─── Dataset content ───
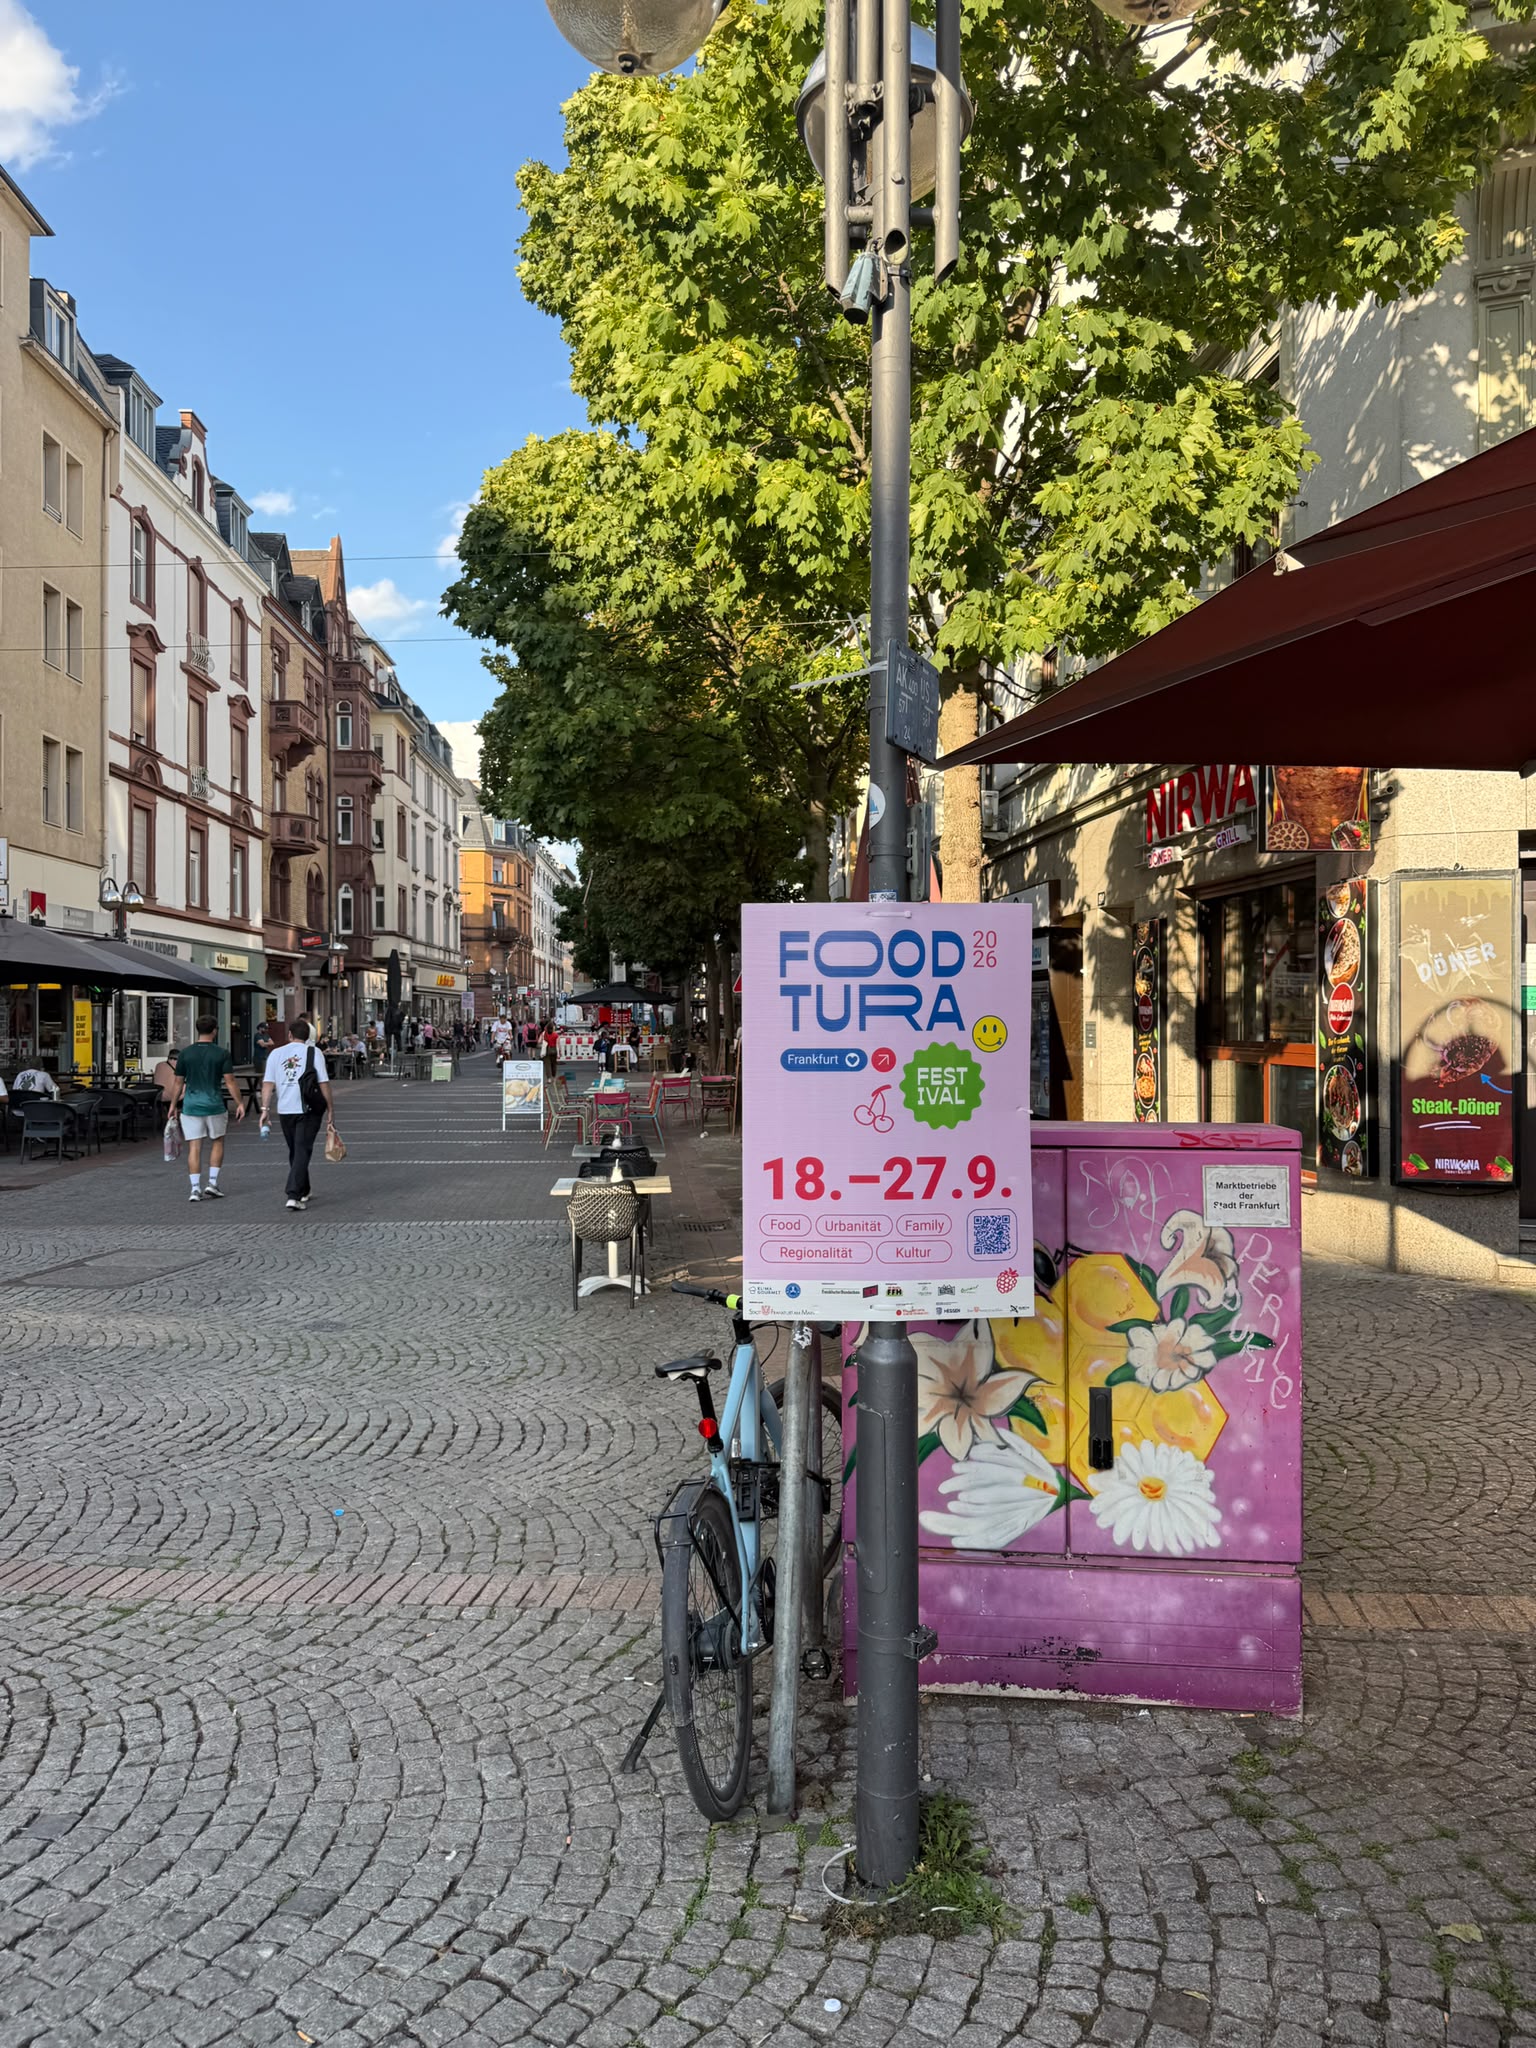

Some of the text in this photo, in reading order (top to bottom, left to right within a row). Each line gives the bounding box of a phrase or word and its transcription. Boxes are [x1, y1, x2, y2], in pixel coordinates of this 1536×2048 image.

[896, 663, 908, 689] AK
[1216, 827, 1240, 848] GRILL
[973, 931, 997, 948] 20
[780, 929, 965, 978] FOOD
[973, 950, 997, 968] 26
[1418, 942, 1497, 983] DÖNER
[780, 984, 966, 1032] TURA
[787, 1054, 839, 1065] Frankfurt
[917, 1067, 968, 1086] FEST
[917, 1087, 966, 1105] IVAL
[1412, 1098, 1502, 1116] Steak-Döner
[1215, 1182, 1277, 1190] Marktbetriebe
[770, 1219, 801, 1231] Food
[825, 1219, 882, 1232] Urbanität
[905, 1219, 944, 1234] Family
[780, 1245, 853, 1261] Regionalität
[896, 1246, 932, 1259] Kultur
───
■ Aim of the exercise
Write out every line above exactly as it is, leaving out the pictures.

■ Output
Some of the text in this photo, in reading order (top to bottom, left to right within a row). Each line gives the bounding box of a phrase or word and its transcription. Boxes are [x1, y1, x2, y2], in pixel coordinates of this 1536×2048 image.

[896, 663, 908, 689] AK
[1216, 827, 1240, 848] GRILL
[973, 931, 997, 948] 20
[780, 929, 965, 978] FOOD
[973, 950, 997, 968] 26
[1418, 942, 1497, 983] DÖNER
[780, 984, 966, 1032] TURA
[787, 1054, 839, 1065] Frankfurt
[917, 1067, 968, 1086] FEST
[917, 1087, 966, 1105] IVAL
[1412, 1098, 1502, 1116] Steak-Döner
[1215, 1182, 1277, 1190] Marktbetriebe
[770, 1219, 801, 1231] Food
[825, 1219, 882, 1232] Urbanität
[905, 1219, 944, 1234] Family
[780, 1245, 853, 1261] Regionalität
[896, 1246, 932, 1259] Kultur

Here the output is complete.